Definitely post some video and pictures!!


----------



## trodery (Sep 13, 2006)

mastercylinder said:


> he probably throws his cigarette butts out of the window, too.


Come on over and see....Free beer at my house Saturday morning starting at 9:30am


----------



## Dani California (Jul 20, 2006)

Be ready to block him in accidentally of course. He'll tuck tail and run when your buddy comes outta the house. If you call the law after he gets there he will get away also. If you are going to call the law don;t let your buddy come outside until the law gets there. That way he knows nothings up. If he gets through early think of some other things for him to look at like facia boards and what knot.
I've got a feeling you boys will get the surprise of your life if your knot careful...you up to that??

Biggie


----------



## CoastalOutfitters (Aug 20, 2004)

hmmmm


----------



## rockyraider (Feb 1, 2006)

Typically, criminal law only protects the business in these types of cases (ie. Theft of Service PC 31.04). The Theft of Service statute is set up to protect the business, not the consumer. A good example is getting a cab ride or a meal, then refusing to pay or leaving without paying for the services rendered. There is Deceptive Business Practice statute but it is rarely used in my experience.

Most of the situations that I have dealt with regarding contractors, builders, carpet installers, etc.. who take payment and then default on the services that they are supposed to proivide are handled as a civil situation. Every time I have contacted our DA's office with one of these situations they refer the victim to a civil attorney in an attempt to recover via a civil lawsuit.

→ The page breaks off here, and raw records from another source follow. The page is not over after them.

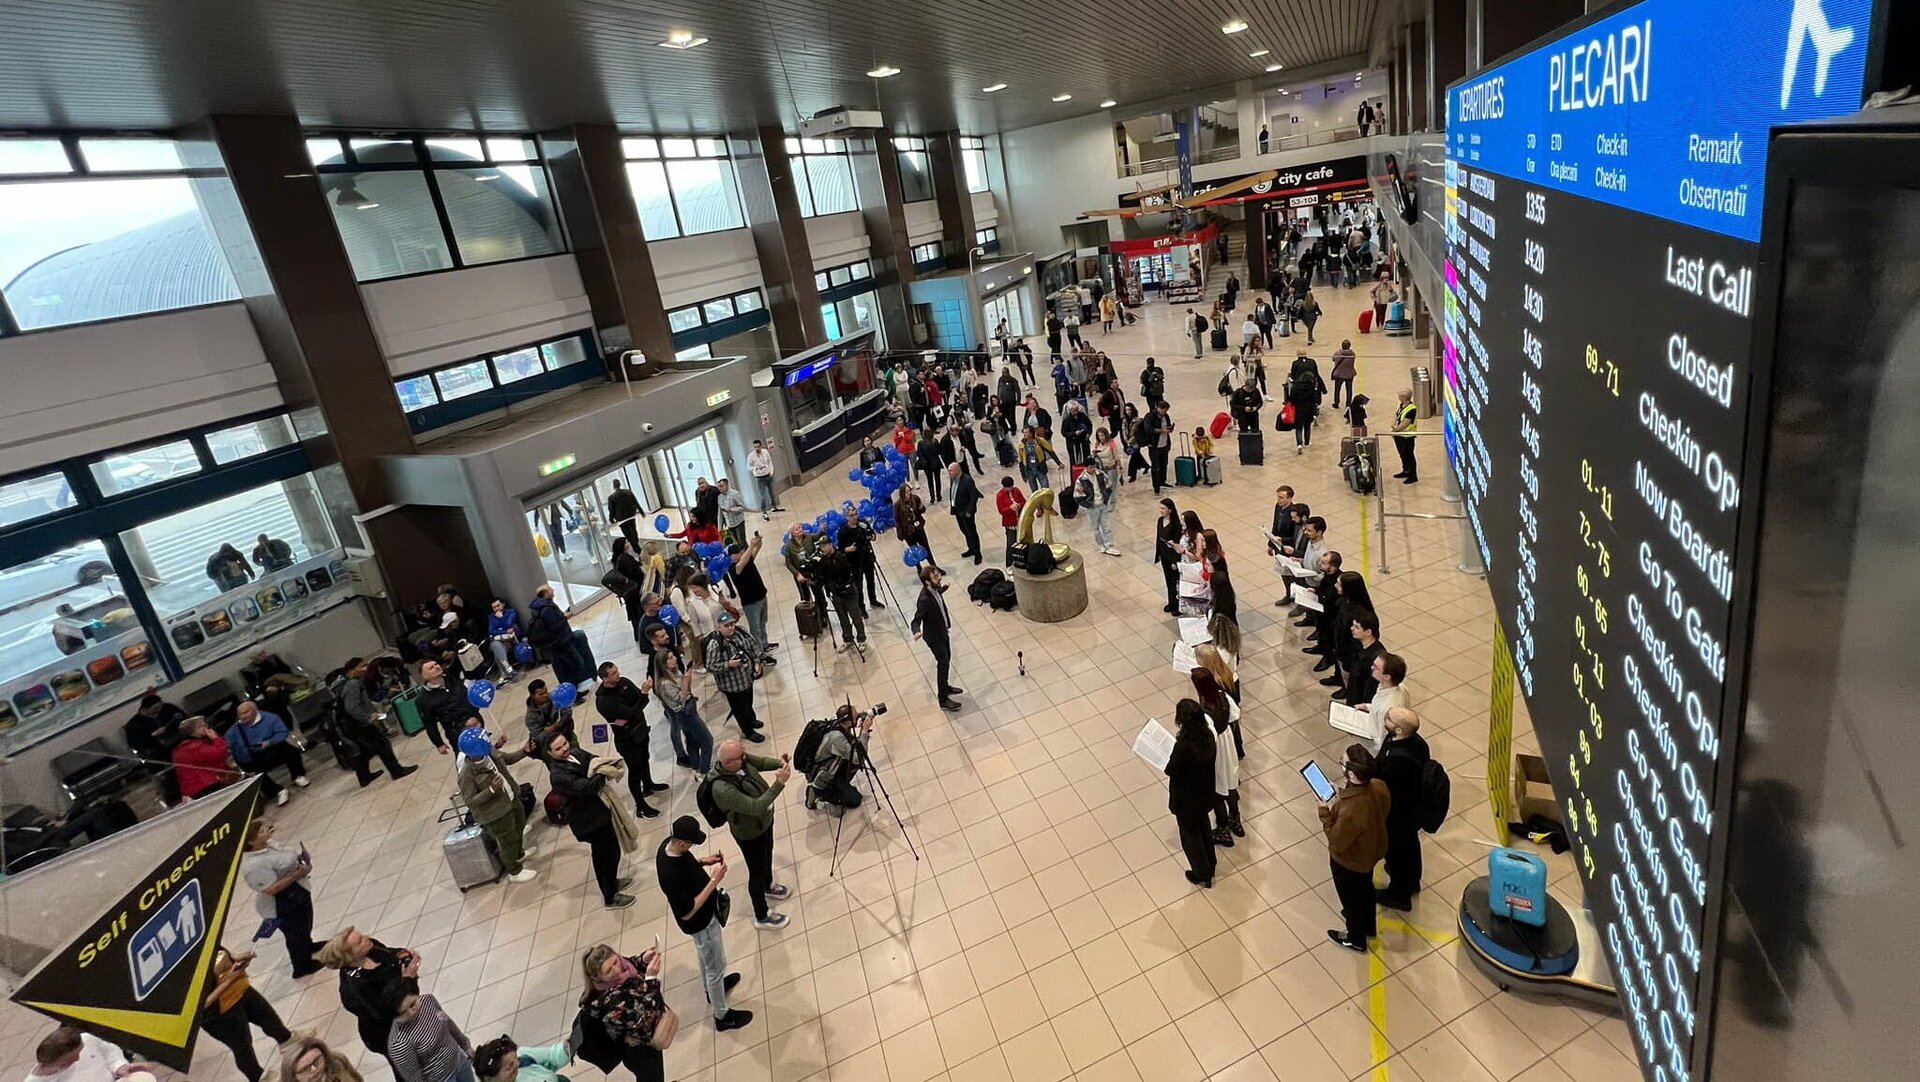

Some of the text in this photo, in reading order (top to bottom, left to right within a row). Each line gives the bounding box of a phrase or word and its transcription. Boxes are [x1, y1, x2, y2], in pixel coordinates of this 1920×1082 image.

[1549, 19, 1652, 112] PLECARI
[1459, 76, 1504, 122] DEPARTURES
[1596, 132, 1628, 156] Check-in
[1689, 131, 1743, 165] Remark
[1278, 165, 1334, 186] city cafe
[1290, 195, 1317, 206] 53-104
[1595, 165, 1627, 192] Check-in
[1679, 178, 1748, 217] Observatii
[1525, 191, 1545, 225] 13:55
[1524, 238, 1545, 275] 14:20
[1665, 245, 1752, 318] Last Call
[1524, 284, 1544, 323] 14:30
[1523, 327, 1542, 370] 14:35
[1586, 344, 1598, 374] 69
[1606, 360, 1619, 397] 71
[1668, 333, 1734, 409] Closed
[1522, 371, 1541, 415] 14:35
[1521, 413, 1540, 459] 14:45
[1639, 391, 1740, 512] Checkin Op
[1520, 453, 1539, 500] 15:00
[1581, 459, 1593, 493] 01
[1600, 486, 1613, 521] 11
[1635, 459, 1668, 521] Now
[1518, 492, 1537, 543] 15:15
[1580, 510, 1591, 547] 72
[1598, 540, 1611, 578] 75
[1577, 564, 1589, 597] 60
[1595, 599, 1607, 634] 65
[1639, 541, 1661, 589] Go
[1663, 570, 1683, 620] To
[1575, 615, 1586, 650] 01
[1593, 653, 1604, 689] 11
[1628, 594, 1719, 760] Checkin Op
[1573, 662, 1584, 698] 01
[1590, 702, 1602, 739] 03
[1624, 654, 1677, 771] Checkin
[1628, 728, 1648, 780] Go
[1650, 768, 1667, 821] To
[1617, 769, 1668, 897] Checkin
[78, 822, 231, 969] Self Check-In
[1614, 822, 1663, 954] Checkin
[1611, 873, 1659, 1010] Checkin
[1608, 922, 1655, 1064] Checkin
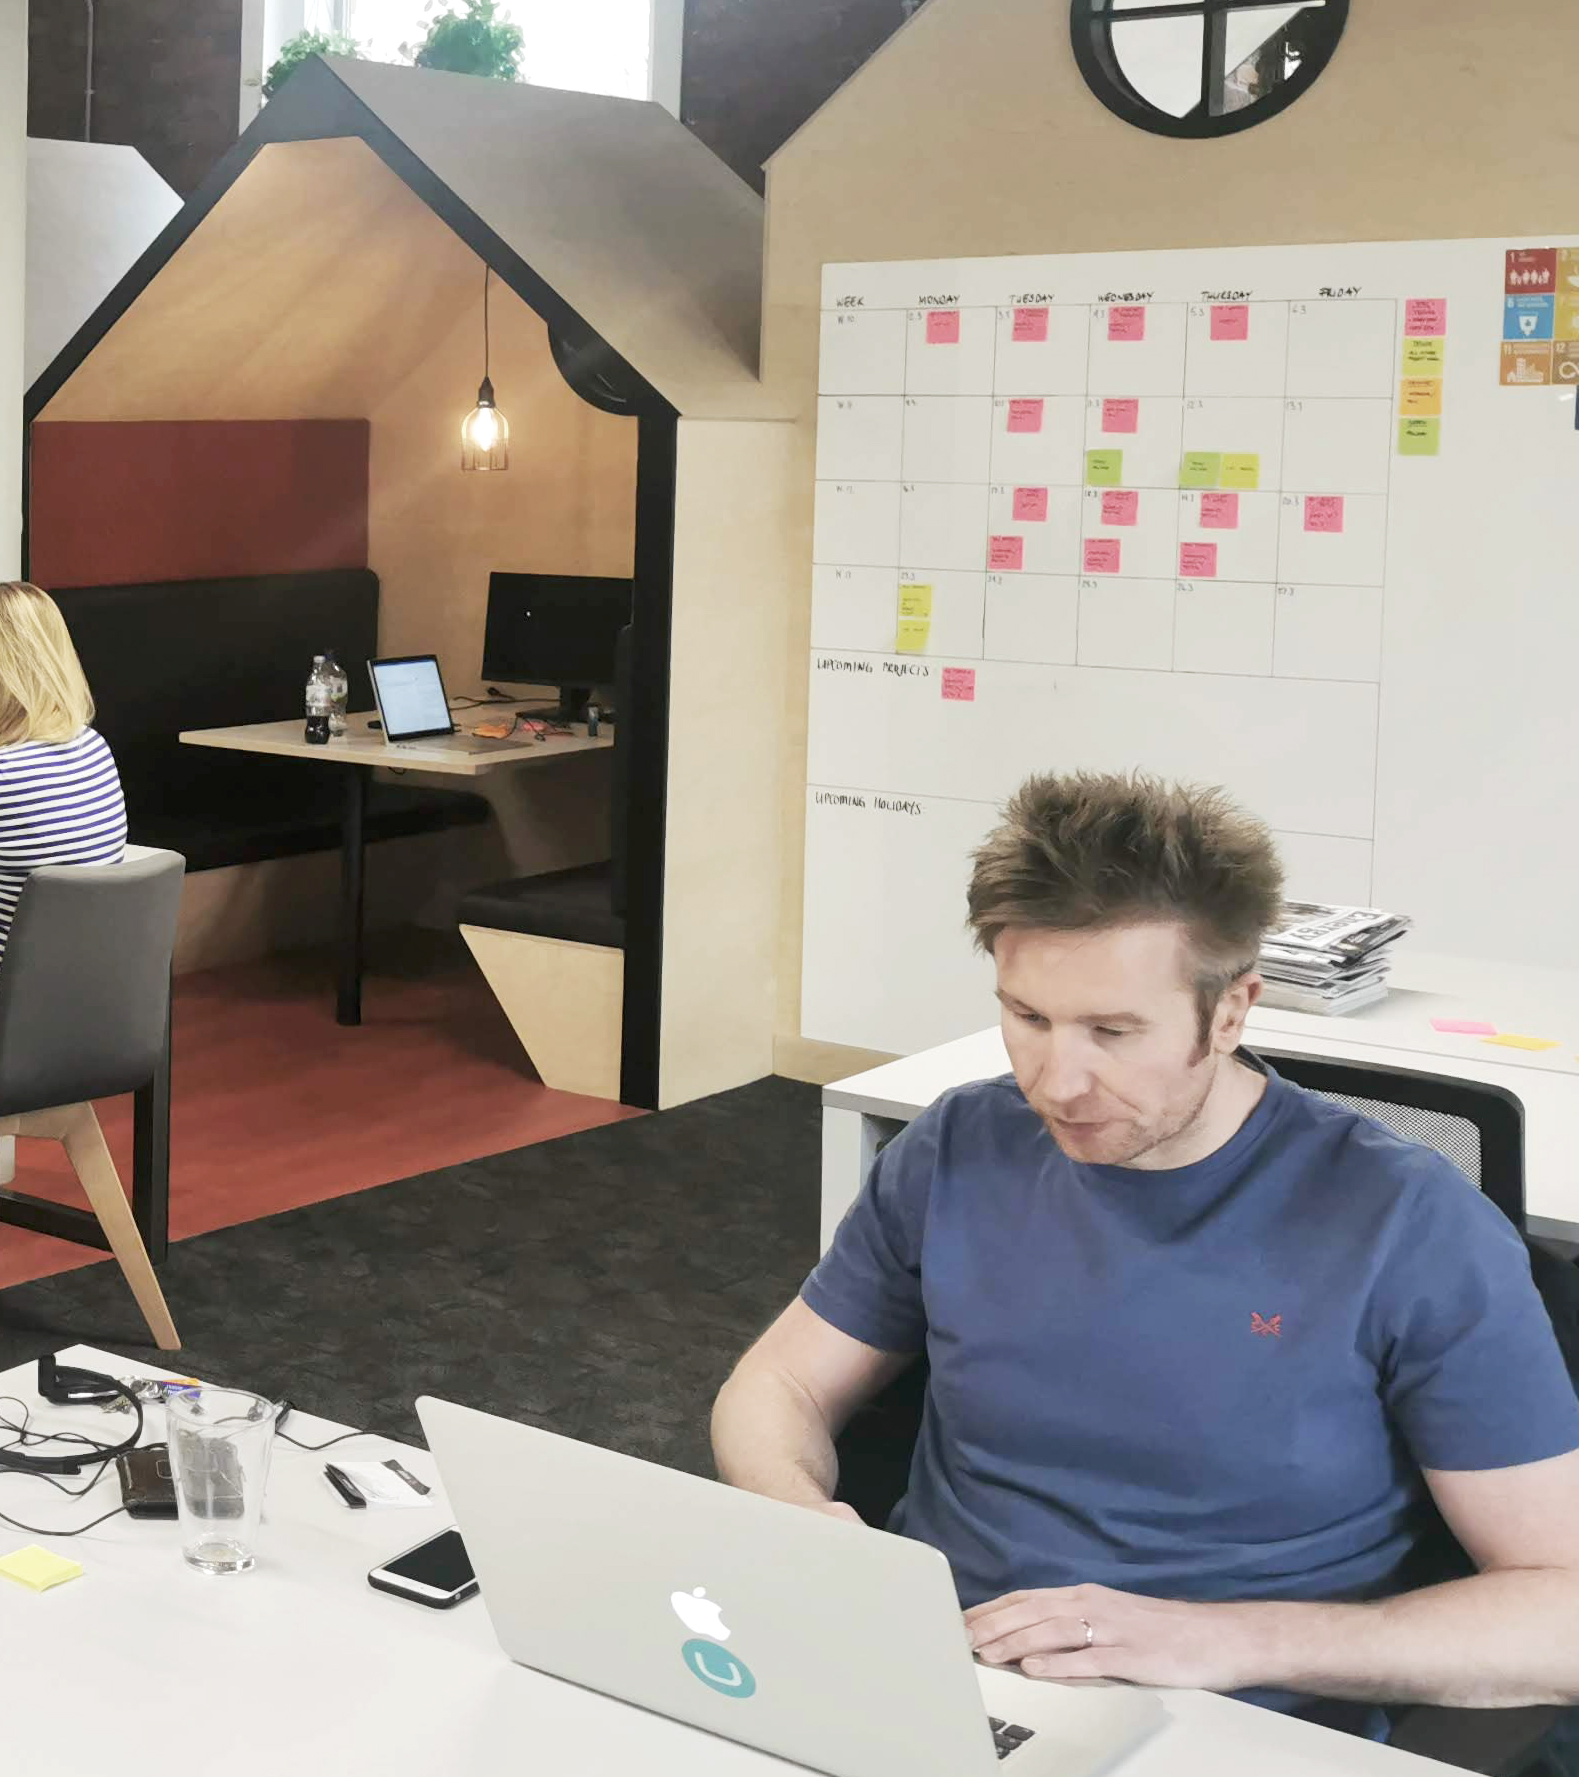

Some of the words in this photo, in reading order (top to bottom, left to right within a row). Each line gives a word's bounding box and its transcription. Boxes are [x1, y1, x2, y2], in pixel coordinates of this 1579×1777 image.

[835, 295, 866, 308] WEEK
[918, 294, 961, 306] MONDAY
[1009, 293, 1055, 305] TUESDAY
[1097, 291, 1155, 303] WEDNESDAY
[1200, 290, 1254, 301] THURSDAY
[1318, 287, 1362, 298] FRIDAY
[816, 657, 874, 674] UPCOMING
[881, 661, 930, 678] PROJECTS
[815, 791, 867, 808] UPCOMING
[874, 796, 922, 815] HOLIDAYS

I know it sucks but I'm not sure if you will have much luck with anything other than a civil lawsuit. It pays to check references before hand and to only do business with the oldest, most well known contractors in the area. Would a "bonded" business help at all? Good luck with everything, there is nothing worse than a thief.


----------



## trodery (Sep 13, 2006)

rockyraider said:


> Typically, criminal law only protects the business in these types of cases (ie. Theft of Service PC 31.04). The Theft of Service statute is set up to protect the business, not the consumer. A good example is getting a cab ride or a meal, then refusing to pay or leaving without paying for the services rendered. There is Deceptive Business Practice statute but it is rarely used in my experience.
> 
> Most of the situations that I have dealt with regarding contractors, builders, carpet installers, etc.. who take payment and then default on the services that they are supposed to proivide are handled as a civil situation. Every time I have contacted our DA's office with one of these situations they refer the victim to a civil attorney in an attempt to recover via a civil lawsuit. I know it sucks but I'm not sure if you will have much luck with anything other than a civil lawsuit. It pays to check references before hand and to only do business with the oldest, most well known contractors in the area. Would a "bonded" business help at all? Good luck with everything, there is nothing worse than a thief.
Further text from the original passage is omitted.